Thank you everyone!! I was weeping tears of joy and gratitude throughout the scan. With each baby the 20-week scan has been exciting, but this one was different. Having the loss before this pregnancy has made me realize how completely NOT a guarantee life and a healthy baby are. I feel so overwhelmed with the blessings in my life it's almost embarrassing to think of all I have. This baby is so deeply loved and wanted and cherished and to see him/her moving around looking amazing and with ten fingers and ten toes and a beautiful heart and profile and kidneys and everything you hope for... it's just awe-inspiring. I am so grateful.

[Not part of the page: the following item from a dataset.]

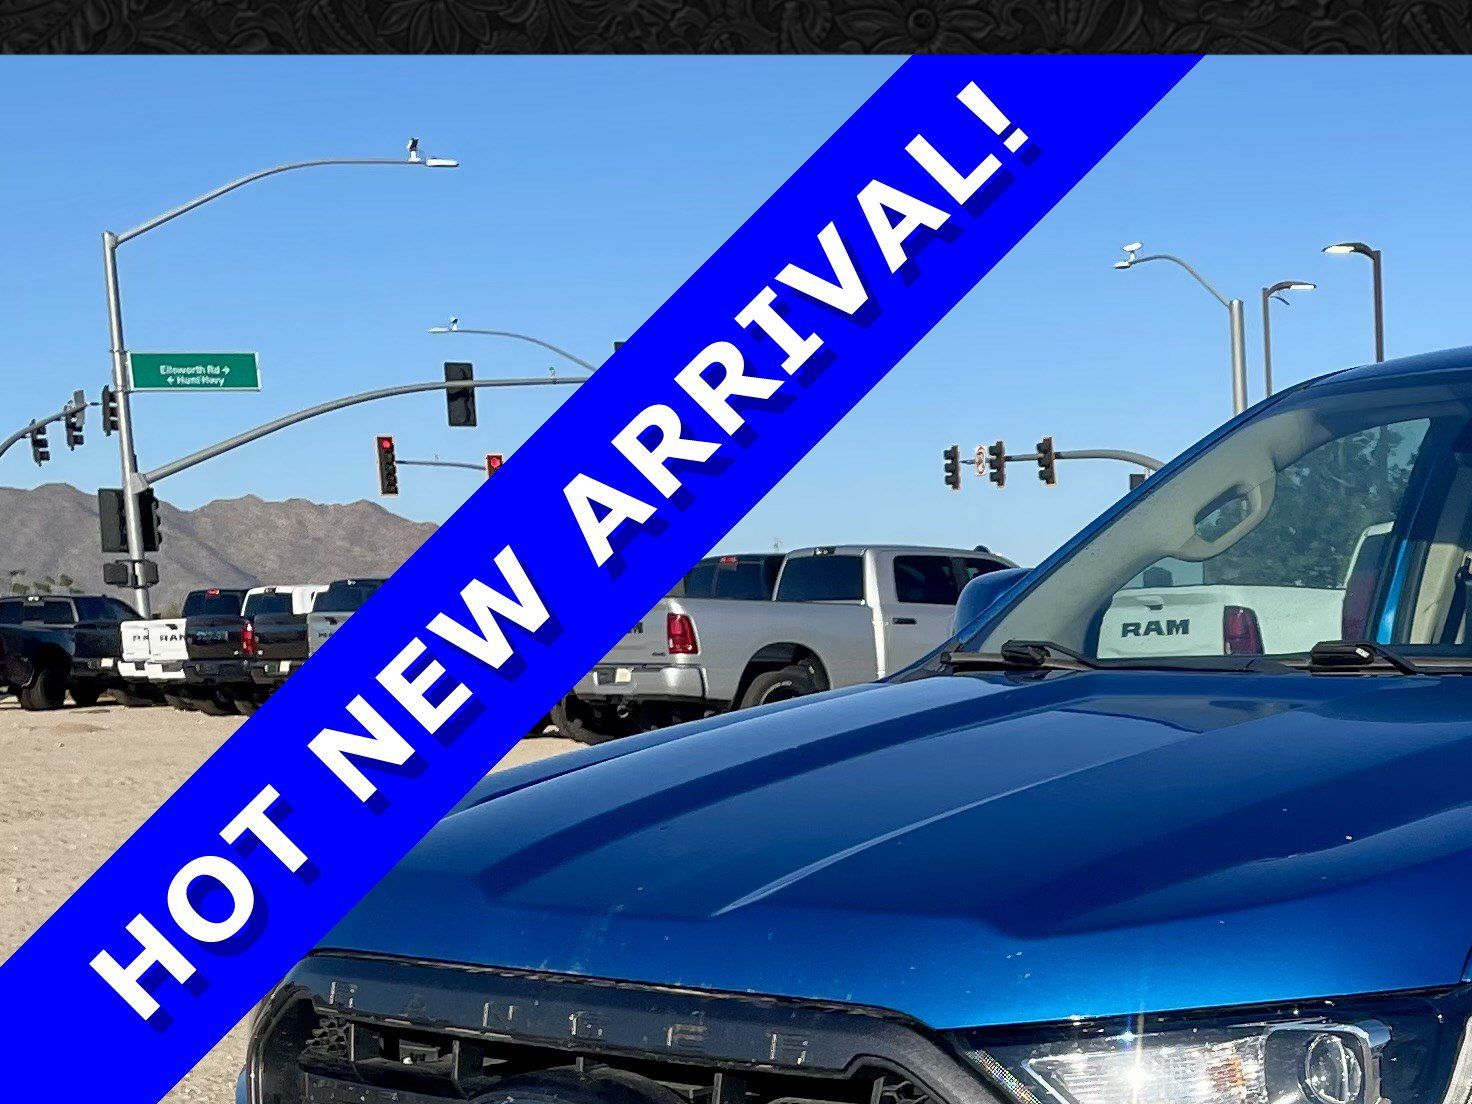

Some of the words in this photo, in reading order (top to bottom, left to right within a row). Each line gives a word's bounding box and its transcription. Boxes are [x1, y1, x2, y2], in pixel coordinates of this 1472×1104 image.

At the end of the scan, the tech asked if we wanted her to put a pic of the between-the-legs shot in an envelope, in case we were going to do a gender reveal party or look at it together at a later time or something. I was like, OMG! It was SO hard in that moment to say no! I was trying to read her face, thinking, oh my gosh she KNOWS and we don't! It's so crazy that this random ultrasound technician knows whether our baby is a boy or a girl and we, the parents, do not. I am glad we resisted. This baby will be the first true surprise at birth. At first, I was 100% sure it was a girl, but that has changed. I truly don't know now! that's a first! With my first 3, when they were born, when I saw boy/girl I was like "well, yeah, I knew that already." I knew through and through (to the point of buying girl clothes with my youngest and calling her by the girl name I'd chosen before she was born). This time I just don't know and it's so exciting!
Alwayscoffee, movement is so inconsistent for a while and it's frustrating to wait for it to start. Before you know it you'll be getting bruised ribs! How are you feeling? How's the fatigue and nausea?
Can't wait to see more scan pics! We are moving along so fast now.